DATA EXTRACTS:
□ □ □ □ □
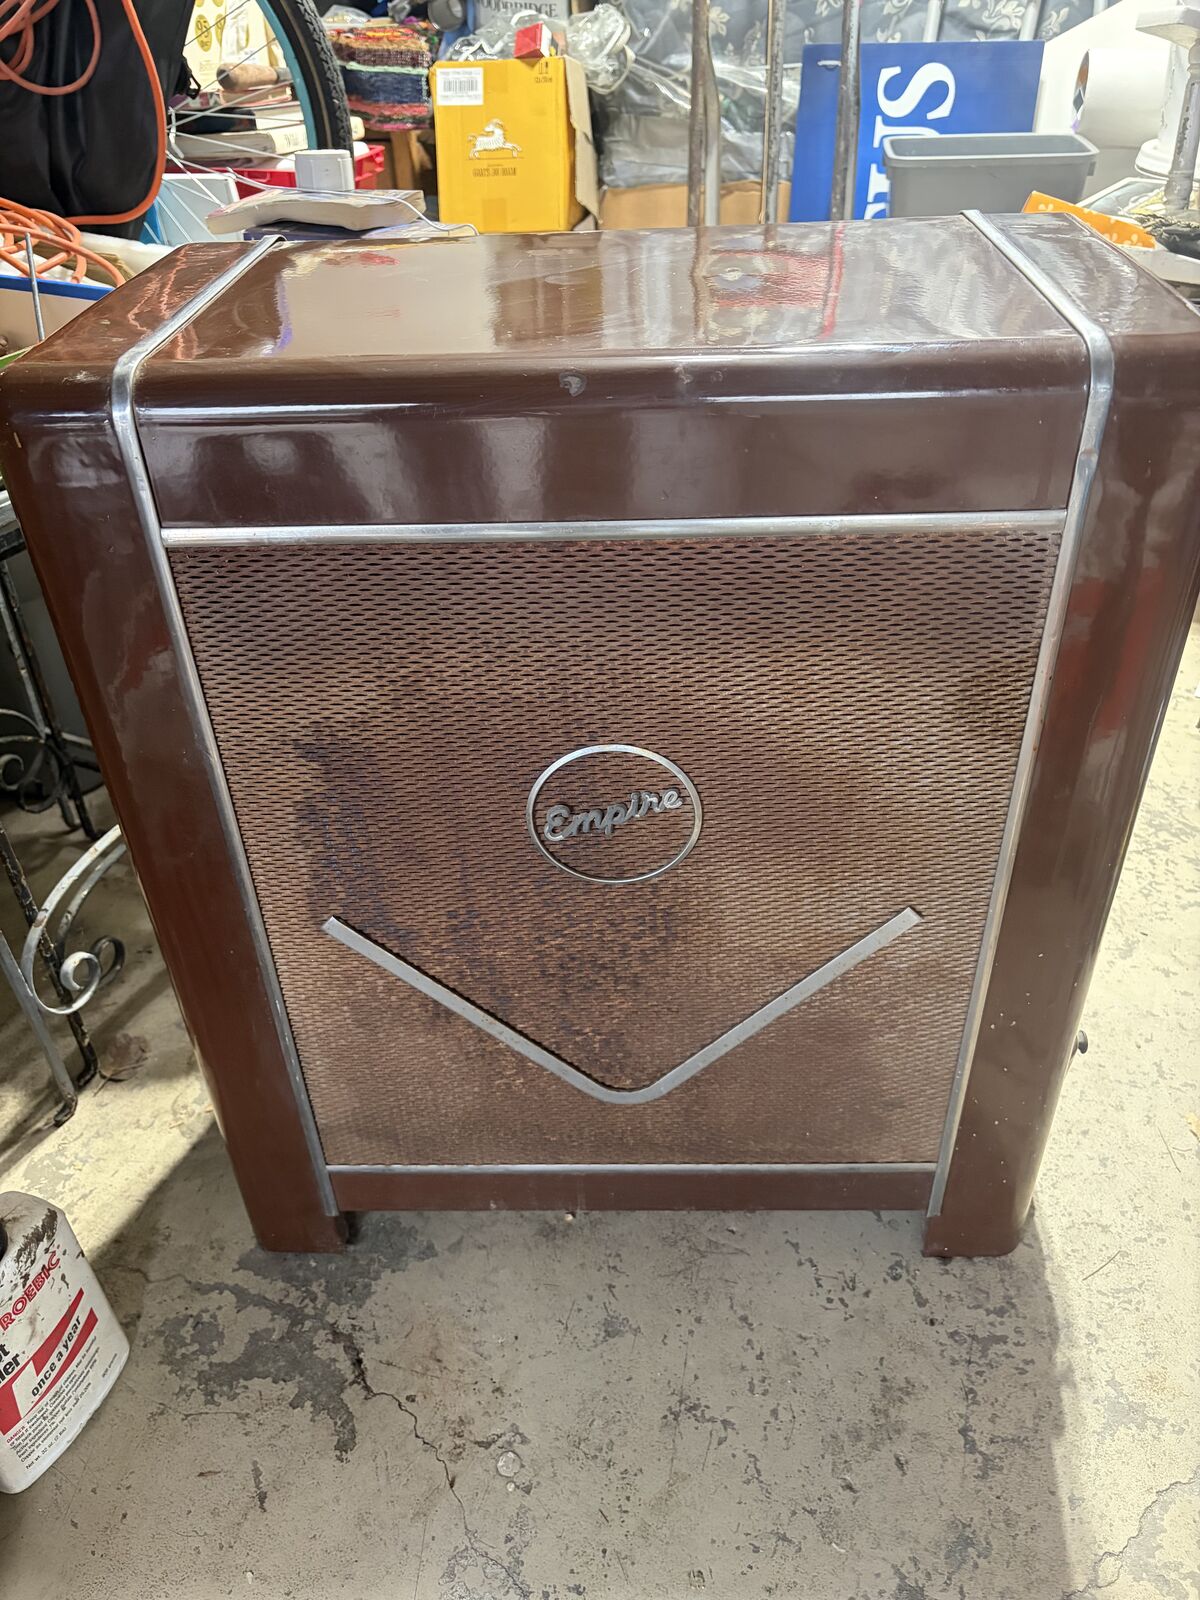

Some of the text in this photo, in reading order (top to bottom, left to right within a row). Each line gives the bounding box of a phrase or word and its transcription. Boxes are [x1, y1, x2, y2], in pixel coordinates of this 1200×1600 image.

[544, 786, 684, 842] Empire
[0, 1251, 61, 1331] ROEBIC
[31, 1364, 56, 1398] once
[56, 1350, 64, 1363] a
[62, 1315, 82, 1353] year
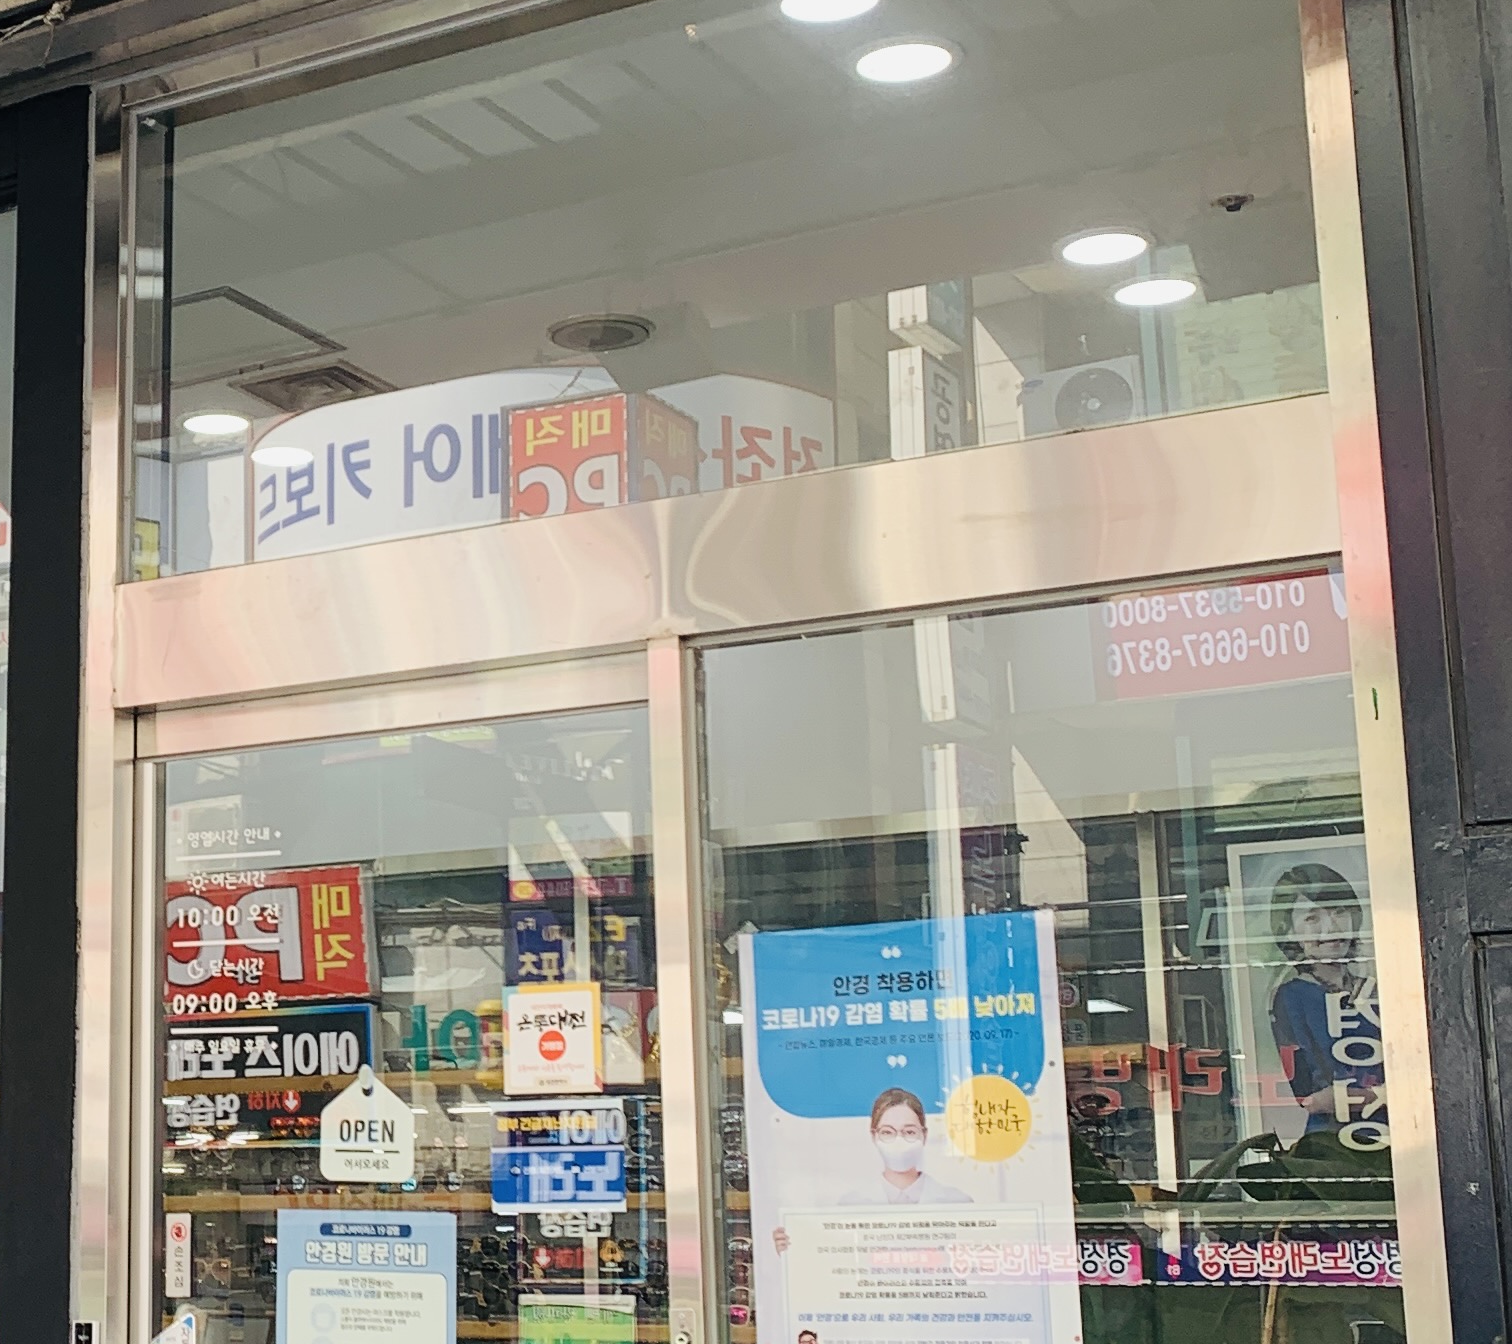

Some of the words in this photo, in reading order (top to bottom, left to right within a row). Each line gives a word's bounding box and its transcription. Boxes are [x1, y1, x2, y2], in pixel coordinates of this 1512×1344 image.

[187, 829, 239, 849] 영업시간
[244, 827, 271, 844] 안내
[177, 905, 239, 928] 10:00
[247, 904, 279, 924] 오전
[209, 958, 265, 978] 닫는시간
[833, 975, 870, 997] 안경
[173, 993, 237, 1015] 09:00
[245, 991, 278, 1011] 오후
[761, 1003, 839, 1031] 코로나19
[845, 1001, 883, 1026] 감염
[889, 998, 929, 1022] 확률
[339, 1118, 395, 1145] OPEN
[343, 1157, 391, 1171] 어서오세요
[305, 1240, 352, 1265] 안경원
[356, 1241, 390, 1265] 방문
[394, 1242, 428, 1267] 안내
□ □ □ □ □
WHAT THE EXERCISE ASKS:
This task asks for the data above repeated exactly, without a single picture.

RESULT FOR THIS EXERCISE:
Some of the text in this photo, in reading order (top to bottom, left to right within a row). Each line gives the bounding box of a phrase or word and its transcription. Boxes are [x1, y1, x2, y2], in pixel coordinates of this 1200×1600 image.

[544, 786, 684, 842] Empire
[0, 1251, 61, 1331] ROEBIC
[31, 1364, 56, 1398] once
[56, 1350, 64, 1363] a
[62, 1315, 82, 1353] year

Some of the words in this photo, in reading order (top to bottom, left to right within a row). Each line gives a word's bounding box and its transcription. Boxes are [x1, y1, x2, y2], in pixel coordinates of this 1512×1344 image.

[187, 829, 239, 849] 영업시간
[244, 827, 271, 844] 안내
[177, 905, 239, 928] 10:00
[247, 904, 279, 924] 오전
[209, 958, 265, 978] 닫는시간
[833, 975, 870, 997] 안경
[173, 993, 237, 1015] 09:00
[245, 991, 278, 1011] 오후
[761, 1003, 839, 1031] 코로나19
[845, 1001, 883, 1026] 감염
[889, 998, 929, 1022] 확률
[339, 1118, 395, 1145] OPEN
[343, 1157, 391, 1171] 어서오세요
[305, 1240, 352, 1265] 안경원
[356, 1241, 390, 1265] 방문
[394, 1242, 428, 1267] 안내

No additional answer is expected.